What’s particularly fascinating about their approach is that it introduces true negative SEO—actively pushing competitors down in visibility—and the results are both measurable and remarkably clear. They tested their attack on perplexity, Bing copilot, claude 3 and GPT4. For instance they achieved a x2.5 in visibility for a targeted product by Bing copilot.
Don’t bother replicating it, the authors disclosed the threat to the operators and it’s now fixed.

Another paper entitled “GEO: Generative Engine Optimization” by Aggarwal et al. introduces the acronym GEO and presents  a new approach to help content creators enhance their visibility in Generative Search Engines (GSEs). The paper mentions GSEs, like BingChat – copilot or Perplexity, but we can easily figure that the approach is also good to go for AI overviews (the former SGE) or for searchGPT. The goal of their approach is to boost content citations and impressions.
The SEO methodology they propose is clearly not rocket science, but is effective:

  • Cite Sources: Adds reliable citations to improve credibility and boost ranking.
  • Quotation Addition: Incorporates relevant quotes to make content authoritative.
  • Statistics Addition: Introduces data-driven evidence to enhance visibility.
  • Fluency Optimization: Improves content readability and coherence for better engagement.
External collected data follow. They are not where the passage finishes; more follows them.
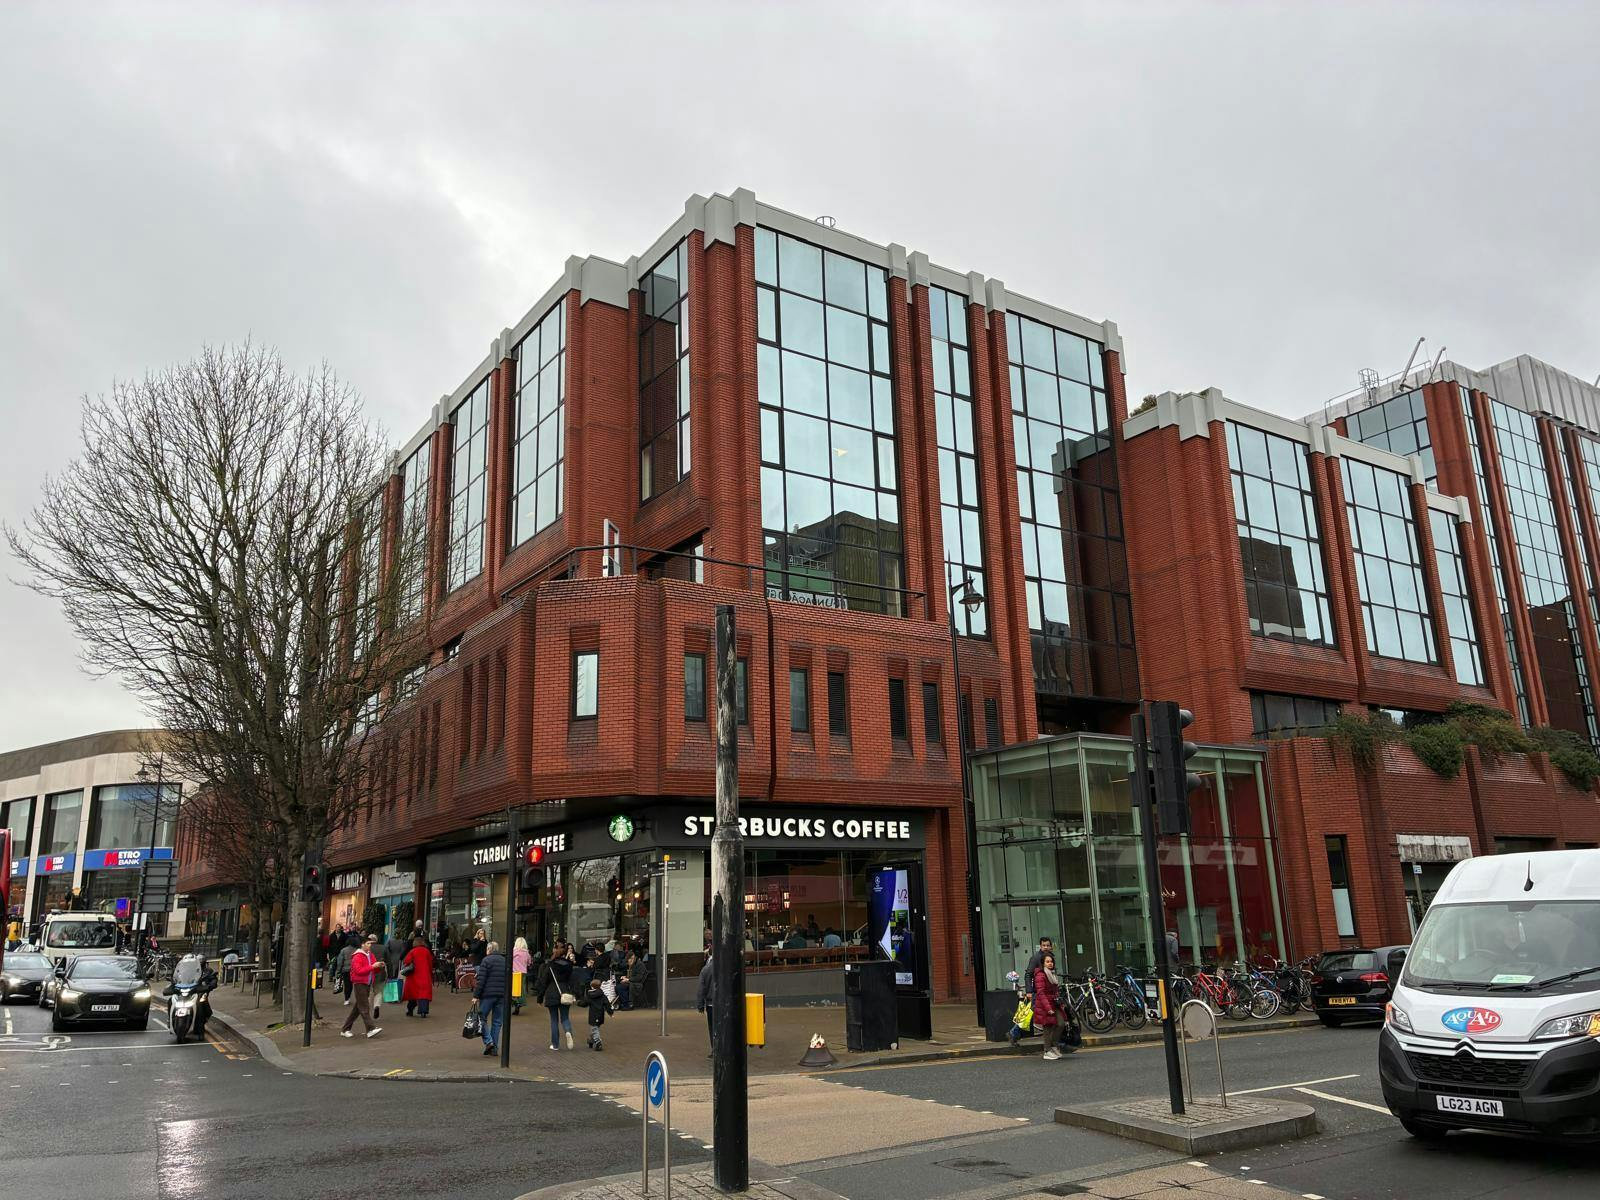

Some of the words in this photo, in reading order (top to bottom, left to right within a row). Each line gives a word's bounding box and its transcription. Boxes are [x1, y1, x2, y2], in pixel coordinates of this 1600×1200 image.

[684, 816, 826, 838] STRBUCKS
[832, 819, 910, 839] COFFEE
[1441, 1096, 1472, 1111] LG23
[1475, 1101, 1499, 1114] AGN
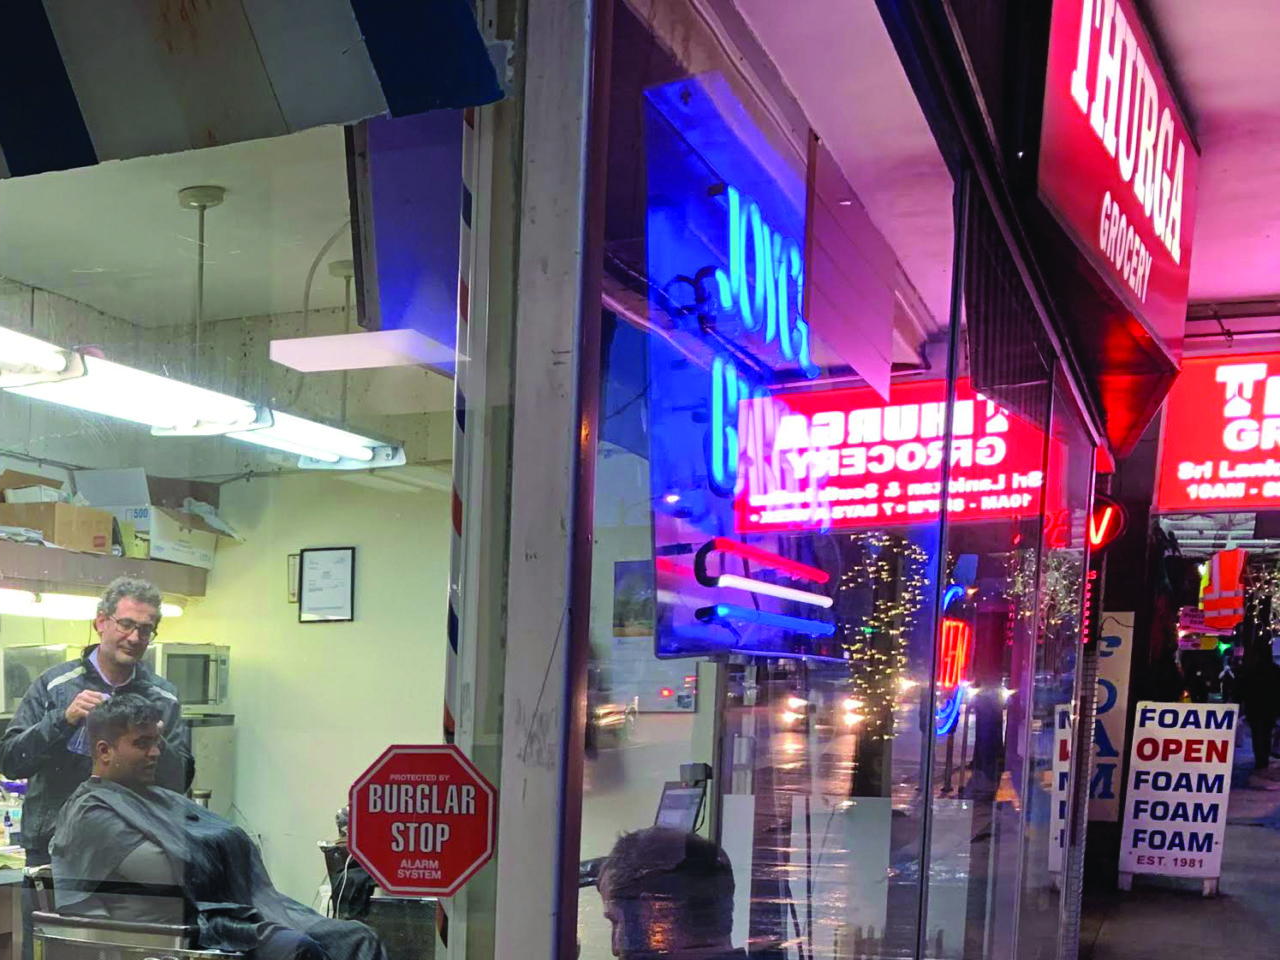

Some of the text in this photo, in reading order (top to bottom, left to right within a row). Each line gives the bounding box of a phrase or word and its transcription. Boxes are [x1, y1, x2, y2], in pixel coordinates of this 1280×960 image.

[1099, 190, 1152, 304] GROCERY
[1139, 708, 1235, 730] FOAM
[1136, 737, 1229, 763] OPEN
[389, 773, 450, 782] PROTECTED BY
[1133, 770, 1225, 794] FOAM
[368, 784, 476, 815] BURGLAR
[1132, 800, 1220, 823] FOAM
[390, 821, 450, 853] STOP
[1132, 829, 1214, 852] FOAM
[397, 869, 442, 880] SYSTEM
[399, 858, 439, 869] ALARM
[1172, 857, 1204, 869] 1981
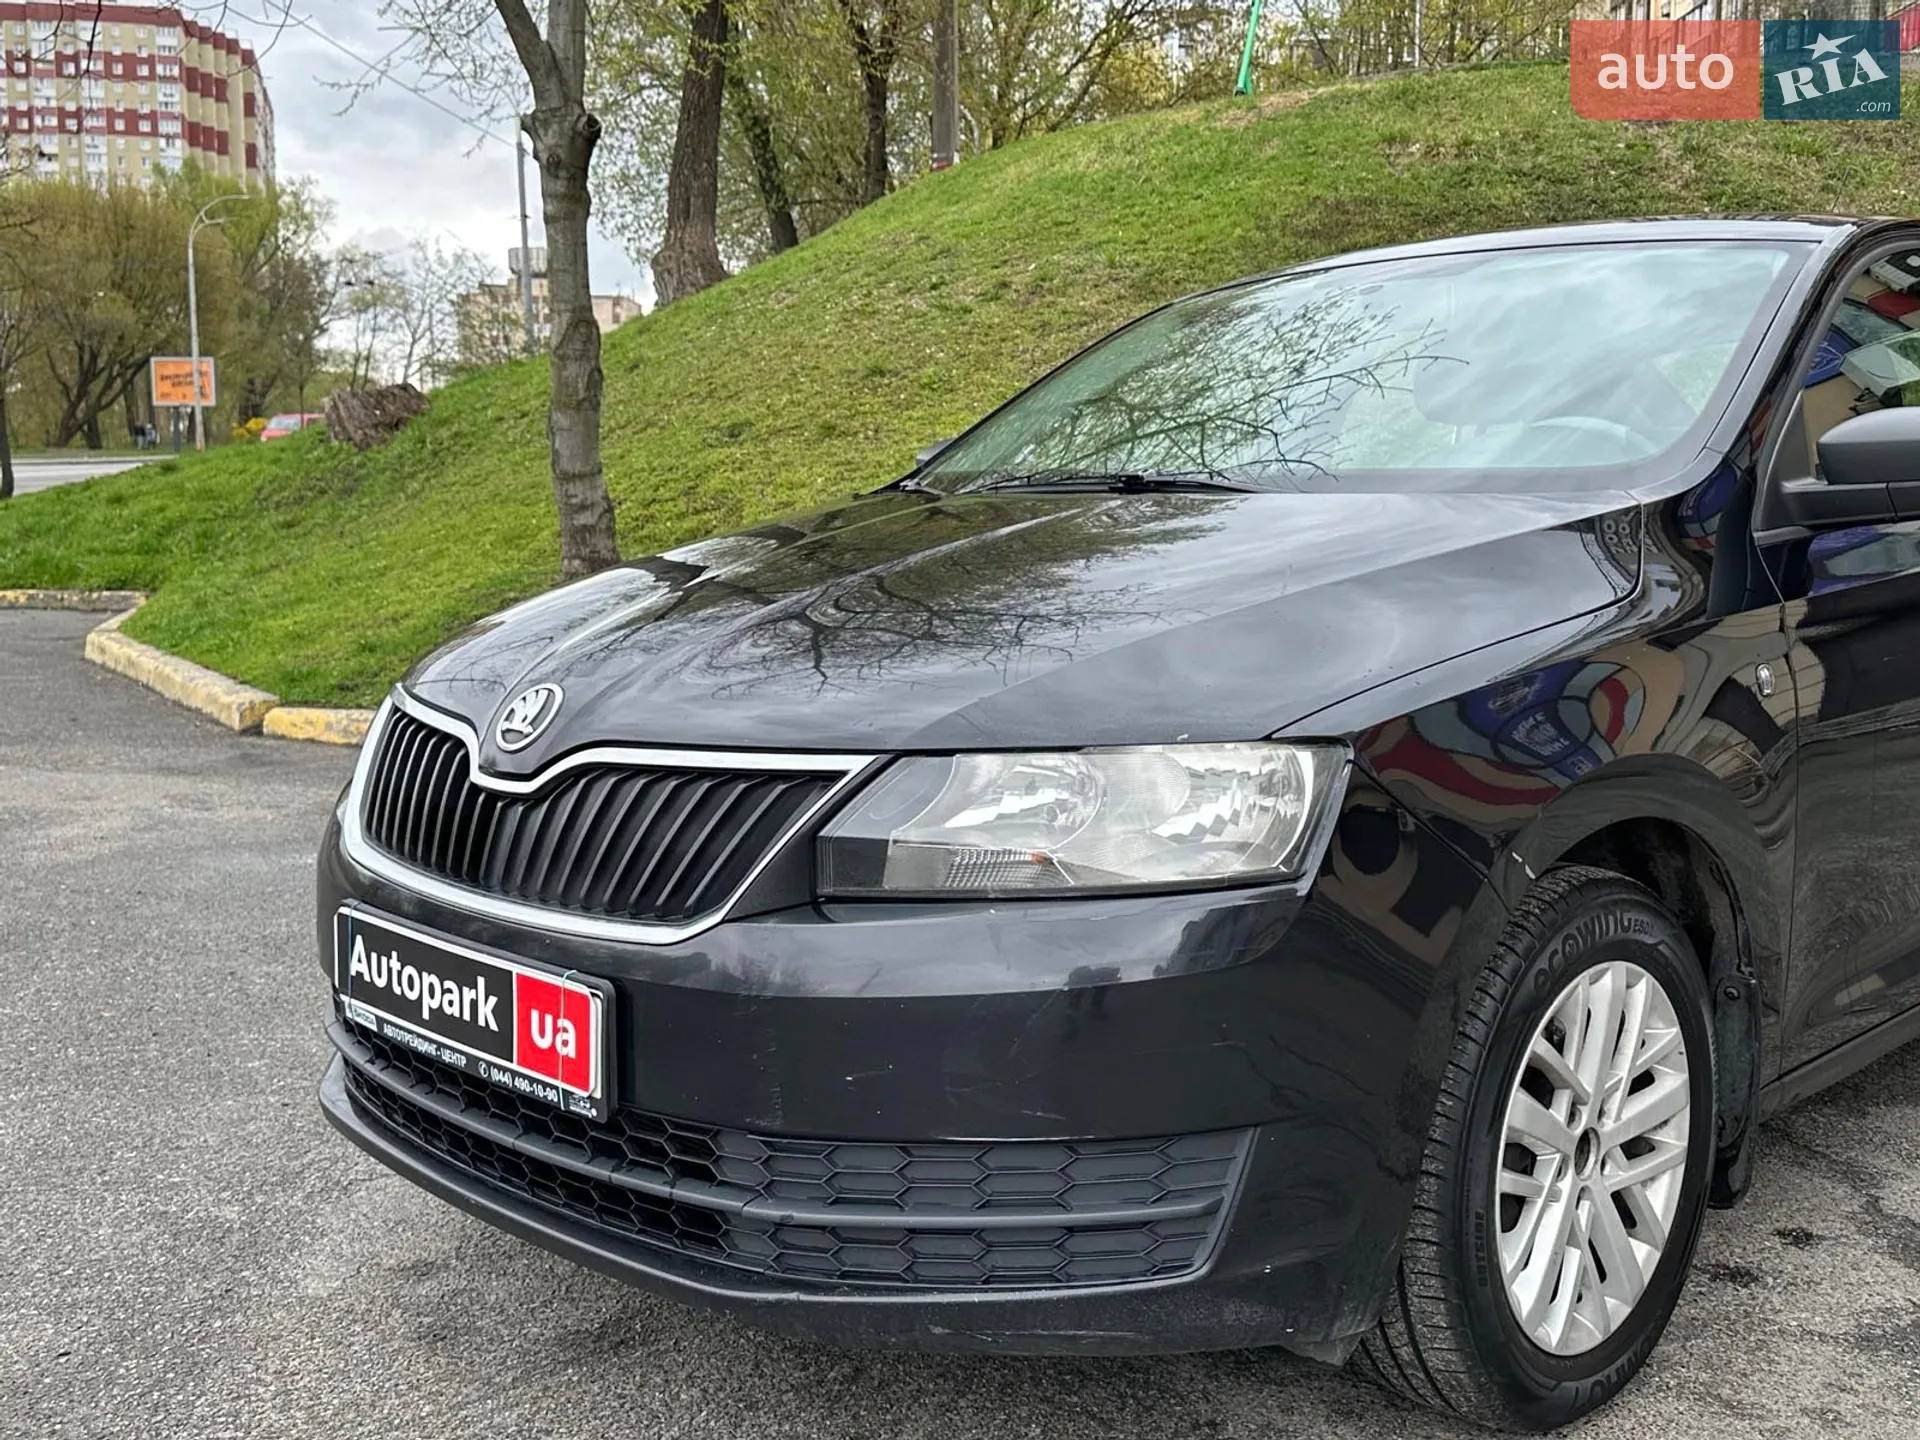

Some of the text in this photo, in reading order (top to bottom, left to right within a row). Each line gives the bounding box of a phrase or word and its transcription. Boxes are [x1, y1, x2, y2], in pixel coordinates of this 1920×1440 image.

[350, 934, 499, 1032] Autopark
[531, 1009, 577, 1058] ua
[490, 1065, 558, 1102] (044) 490-10-90
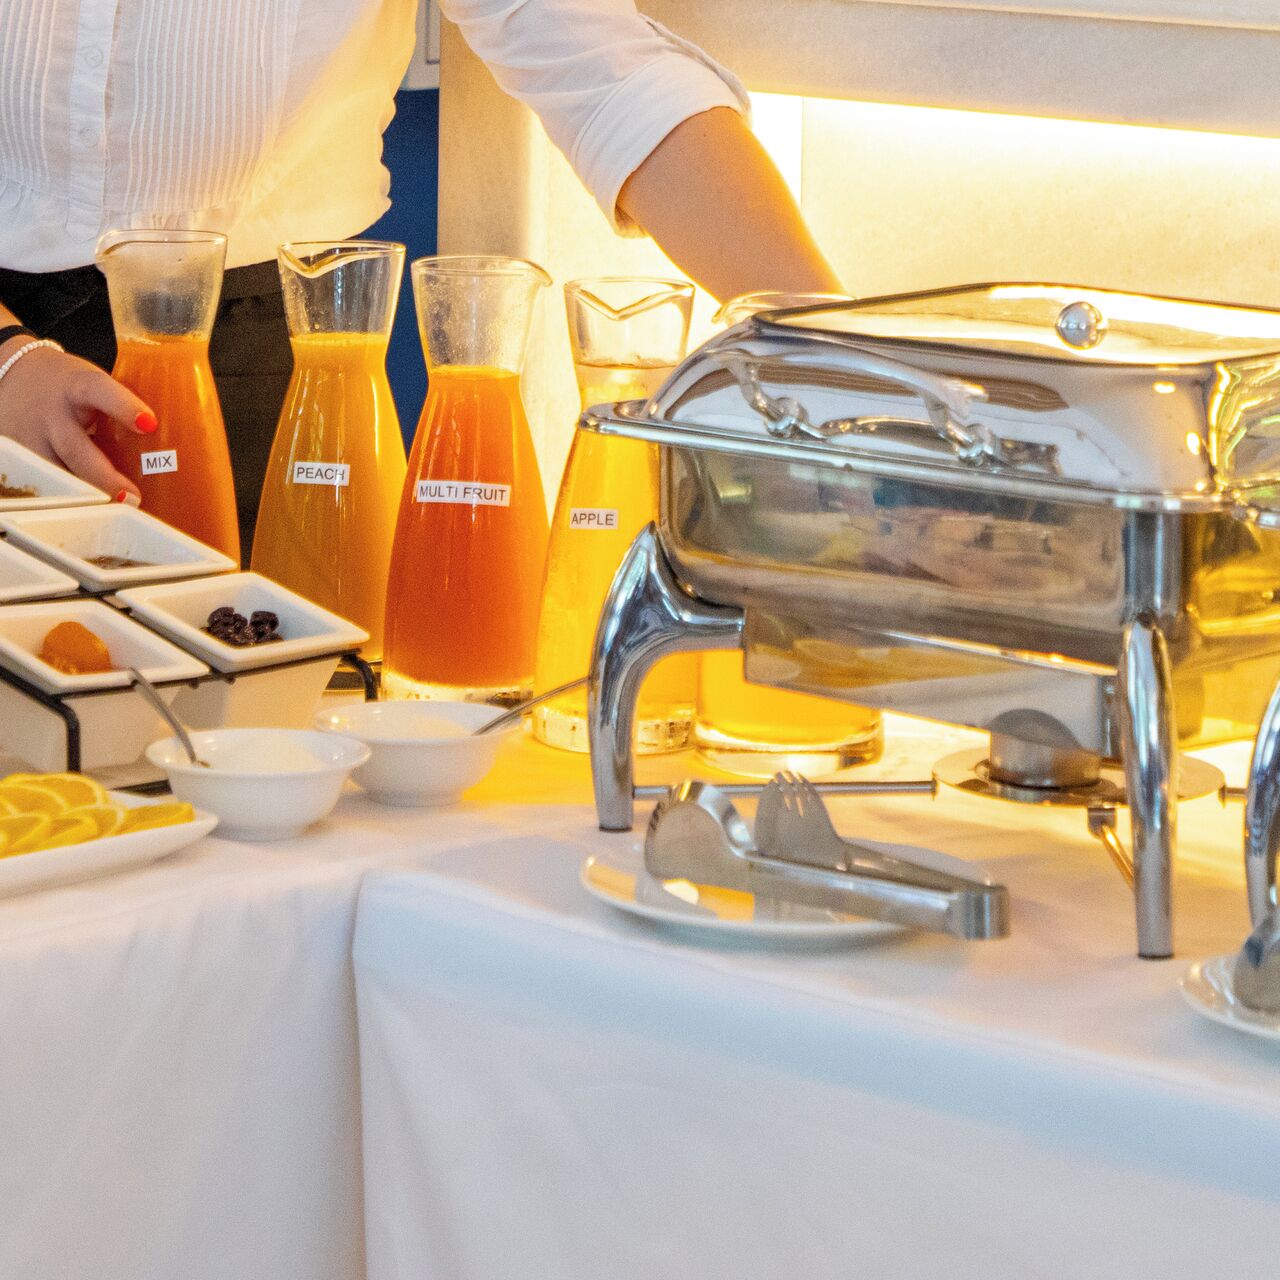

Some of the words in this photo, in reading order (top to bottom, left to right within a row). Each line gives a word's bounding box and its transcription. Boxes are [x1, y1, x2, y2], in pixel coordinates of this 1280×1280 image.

[146, 455, 172, 470] MIX
[296, 466, 345, 481] PEACH
[419, 485, 458, 499] MULTI
[463, 488, 507, 502] FRUIT
[571, 512, 614, 526] APPLE
The table below, coming straight from the paper, is showing examples of optimizations that have been done by the researchers.

These methods collectively showed up to 40% improvement in visibility in their study, marking a shift from SEO to GEO.

If I had to summarize what you need to know about Generative Engine Optimization (GEO), it’s fairly straightforward because the field isn’t deeply explored yet. Essentially, GEO techniques revolve around exploiting the core nature of LLMs: their semantic understanding and how they summarize information. Another approach is more technical, involving methods like prompt injection, cloaking, and similar tactics.

Beyond that, the landscape is very similar to SEO. Generative Search Engines (GSEs) are, by design, black boxes. Just as SEO works to influence traditional search engines such as Google with only theoretical knowledge of how they work, GEO manipulates the inputs to the “engine” to influence its outputs.

Like SEO, the goal of this adversarial game is simple: capture more visibility than your competitors, which ultimately translates to revenue. In short, the tools and targets may have evolved, but the game remains the same.